2-7 土壌改良しますか?
2ー7 土壌改良しますか?
翌朝。
昨日とは、うって変わって青空が広がっていた。
俺たちは、奴隷たちに指示を出して、竈を作らせ、ストレージから出した食材で朝食を作らせた。
女たちは、やっと旅が終わったという安堵からか、明るい表情を見せていた。子供も、老人たちも、疲れは見えたが、新しい国という希望のためか総じて楽観的で、笑顔も見られた。
この人たちは、きっと、俺なんかが想像もつかないような辛酸を舐めてきたのだろう。
なんとかして、ここに、ちゃんとした国というか、街ぐらいは造ってやりたい。
俺は、なんかの肉を焼いたものと、シチューを食べると、ジルを誘って、辺りを探りに行くことにした。
竜車から地竜を外すとジルは、それに騎乗した。俺は、馬にも乗ったことがないので辞退すると、歩いて行くことにしたのだが、アリサと一緒にいたアズミちゃんが俺の方にパタパタ飛んでくると、巨大化した。
アズミちゃんは、俺の頭を甘噛してきた。
「きゅっきゅう」
「わかった、わかった」
俺は、頭がアズミちゃんの唾液でびしょびしょになっているのを振り払いながら、巨大化したアズミちゃんの背に跨がった。
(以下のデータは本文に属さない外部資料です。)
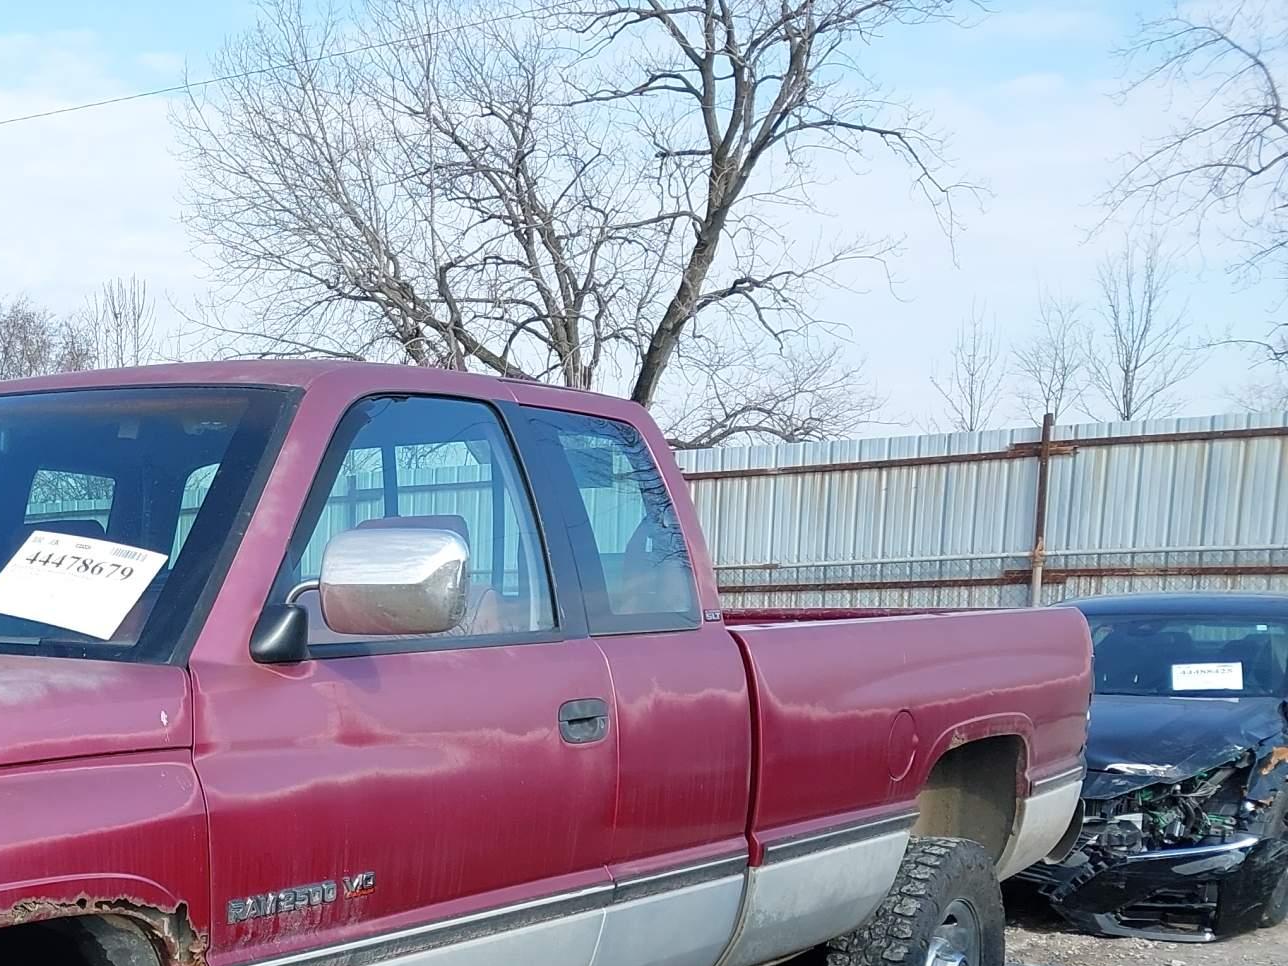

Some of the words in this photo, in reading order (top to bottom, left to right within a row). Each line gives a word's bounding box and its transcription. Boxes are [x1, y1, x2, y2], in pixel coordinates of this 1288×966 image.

[25, 550, 134, 582] 44478679
[227, 893, 278, 925] RAM
[278, 880, 337, 914] 2500
俺がしっかり掴まると、アズミちゃんがその巨大な翼を広げて空中へと飛び立った。
マジか。
俺は、空から、俺たちの土地を見た。
うん。
荒野だな。
ほぼ、草木もはえてない荒野が続いている。
そして、その土地の半分以上が沼地だった。
どうするっていうの?
これは、どう考えても、人の住める場所じゃねぇし。
俺は、下を走っているジルを見た。
地竜は、沼地に足をとられてなかなか進めずにいた。
俺は、ジルに向かって、手を振った。
「いったん、戻るぞ!」
ジルは、なんとか地竜を沼地から出すと、俺の後についてもといた岩場に戻った。
俺は、地上に降りるとアズミちゃんの首もとを優しく撫でてやった。アズミちゃんは、目を細めて俺にすり寄ってきた。
「きゅう」
かわいいな。
俺は、地竜と帰ってきたジルに言った。
「ここは、沼地が多くて、このままじゃ、住めそうにないな」
「ああ」
ジルが暗い顔をして頷いた。
「まったく、どうすればいいものか」
俺たちが、頭を悩ましているとピコン、とウィンドウが開いた。
『土地改良を行いますか?』
そんなこと、できるの?
ウィンドウが開く。
『土壌改良をしますか?』
「よし!土壌改良だ!」
俺がそう言うと、俺の前の辺りいったいに巨大な魔方陣が展開されていった。
光に包まれた大地は、みるみるうちに土地が乾き、沼が消えていく。
低地は、盛り上がり、大地は、平らになっていった。
「これ、何?」
アリサが感極まった様子で呟いた。
「すごい。こんな魔法見たことがない」
こうして、その日の夜が来るまでには、あらかたの土壌改良が完了した。俺たちは、その日は、洞穴ではなく星空の下で夜営をすることができた。
奴隷たちは、協力して何やらいい匂いのするシチューを作り、みんなに分けあっていた。
「はい、お兄ちゃん」
猫耳の金髪の少女が俺にシチューの椀を持ってきてくれたので、俺は、礼を言って受け取った。
「ありがとう」
少女は、はにかんだような可愛らしい笑顔を浮かべた。
この笑顔を守りたい。
俺は、なんとか、ここにこの子たちが安心して暮らせる場所を造ってやろうと決意していた。